Je nach dem was dir wichtiger ist, Optik oder Lautstärke.
Wenn du leise Lüfter möchtest dann schau dir Skythe S-Flex, NB Multiframes oder die BeQuiet mal näher an.


----------



## L!LA LAUNE BAER (16. Oktober 2009)

*AW: Wasserkühlung Intern oder Extern*

Recom Lüfter sagen mir persönlich auch nichts. Wie nemetona schon schrieb: Optik oder Lautstärke, beides läßt sich nicht immer vereinen. Die einzigen die ich kenne und rot sind, wären die von Yate Loon. Um die aber in einem Silent bereich zu bekommen müßte man schon mit mind. 7V laufen lassen. Ich kann die Noiseblocker NB-PL1 oder für den schmalen Geldbeutel den XL1 und bei Scythe den Slipstream 800 ans Herz legen. Die Lüfter von Xigmathek und zwar der XLF-F1253 ist zwar orange ist aber vom Luftfördervolumen bei 800u/min noch recht ordentlich und vor allem leise.

Die Wakü an sich, die dir KingPiranhas rausgesucht hat, ist für dein System eine sehr gute Wahl und für spätere Aufrüstungen auch noch gut gewappnet. Und sollte der 360´er Radi in der Front nicht mehr reichen, kannst du ja hinten noch 2x240´er Radis nachrüsten aber das ist nur was für High-End Systeme die auch noch maßlos übertaktet werden.

Ich habe "nur" einen 240´er SLIM Dual Radi von Magicool und habe mein Prozi (Intel Q6600) von 2,4GHz auf 3,6GHz getaktet und liege beim Prime95 small ffts nur bei max. 59°C pro Core


----------



## Musikfreak (16. Oktober 2009)

*AW: Wasserkühlung Intern oder Extern*

Ok Danke ich nehm jetz einfach wo mir King rausgesucht hat werde mein Wasser in der Wasserkühlung Rot färben.
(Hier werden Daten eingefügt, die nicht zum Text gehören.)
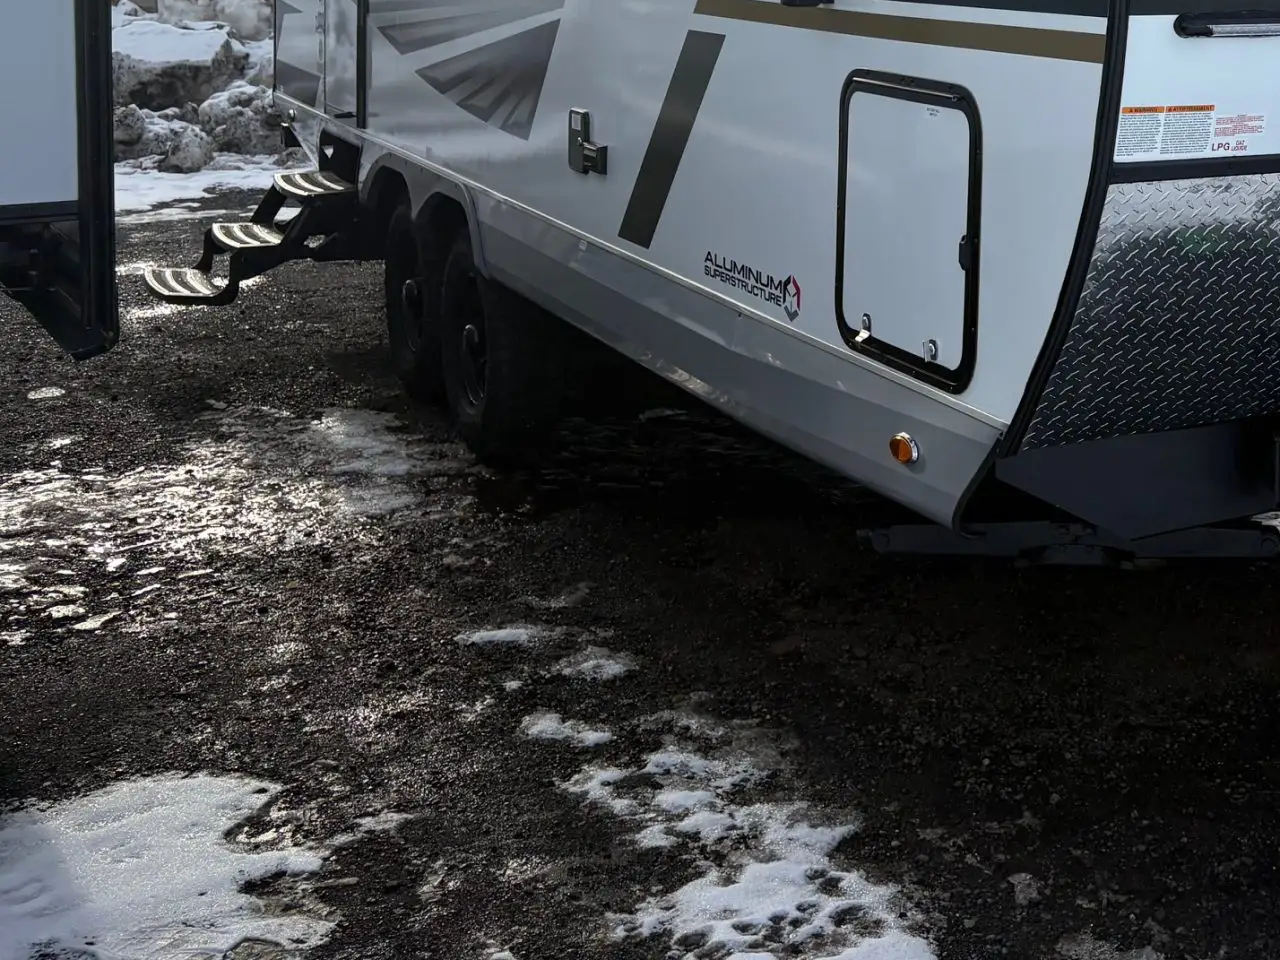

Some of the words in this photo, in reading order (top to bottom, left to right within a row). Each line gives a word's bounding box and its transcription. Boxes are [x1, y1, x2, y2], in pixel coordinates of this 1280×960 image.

Und Lila Laune Bär du hast gesagt der 360er radi in der Front soll ich den Radi in die Front einbaun ?

Dachte hinten einfach 

M.f.G Yannik


----------



## Musikfreak (16. Oktober 2009)

*AW: Wasserkühlung Intern oder Extern*

Ok Danke ich nehm jetz einfach wo mir King rausgesucht hat werde mein Wasser in der Wasserkühlung Rot färben.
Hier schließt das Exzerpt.